А вот еще похожая история. Во время одной из прогулок Эйзенхауэр неожиданно спросил Хрущева, как он управляется со своими военными.
Тот насторожился: не секреты ли президент выведывает?
- У меня самого с ними масса проблем, хотя я и генерал. - Эйзенхауэр, увидев замешательство Хрущева, взял инициативу в свои руки. - Стоит только принять бюджет, как они стучат в дверь и просят дополнительные ассигнования. Я им объясняю: бюджет утвержден, больше денег взять неоткуда. Они же напирают: Советский Союз разрабатывает то-то и то-то, суют под нос донесения разведки, давят: если не дадите денег, пеняйте на себя, по вашей вине они нас разгромят, демократия погибнет. И я даю, нехотя, но даю.
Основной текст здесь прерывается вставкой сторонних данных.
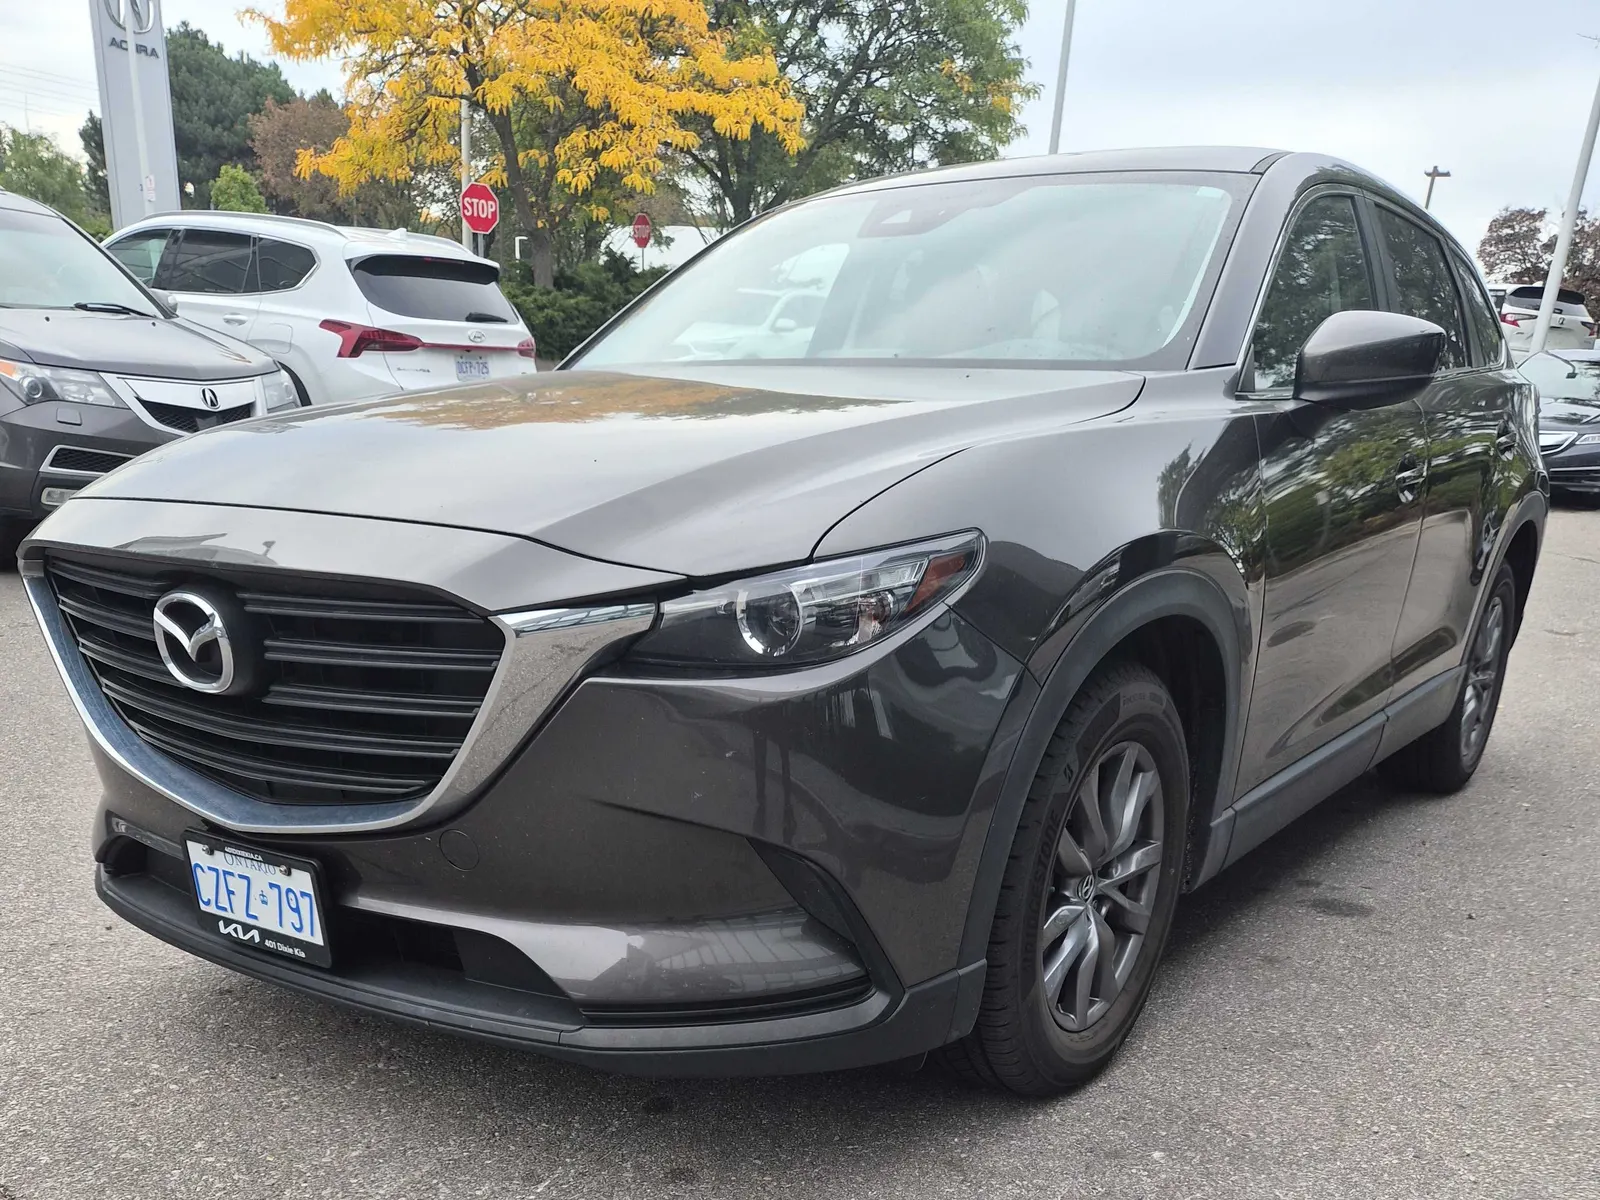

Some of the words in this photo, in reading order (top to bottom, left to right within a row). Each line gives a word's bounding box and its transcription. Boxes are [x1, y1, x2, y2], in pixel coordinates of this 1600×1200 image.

[109, 37, 160, 59] ACRA
[463, 197, 496, 219] STOP
[224, 852, 276, 876] ONTARIO
[192, 862, 260, 921] CZFZ
[268, 882, 315, 938] 797
[264, 939, 277, 950] 401
[293, 948, 306, 958] Kia
- У меня то же самое, - подхватил тему Хрущев, - мои маршалы постоянно напирают: дай то, дай другое. Им нужны и новые бомбардировщики, и новые крейсера, и авианосцы, и новые пушки. Я отбиваюсь, объясняю: бюджет сверстан, выделили сколько могли. Нужно еще и людей кормить, хлеб растить, дома строить. Они же продолжают грозить, что иначе вы нас разгромите, оккупируете. И все из-за моей недальновидности, скаредности. Приходится и мне платить.
Хрущев замолчал, ожидая продолжения.
- Знаете, господин председатель, - снова заговорил Эйзенхауэр, - а что если нам заключить личное соглашение, не между странами, а между мной и вами, с тем чтобы обуздать наших и ваших военных?
Хрущев улыбнулся в ответ.
- Конечно, это несерьезно, - очень серьезно продолжил Эйзенхауэр, - но очень хотелось бы...
Хрущев сочувственно вздохнул... Разговор иссяк.
1Newman Kitty. Macmillan, Khrushchev and the Berlin Crisis. 1958-1960. Routledge Taylor and Francis Group. London and New York. 2007.
2Президиум ЦК КПСС. 1954-1964. Т. 1. Черновые записи заседаний. Стенограммы. М.: РОССПЭН, 2003. С. 437-438.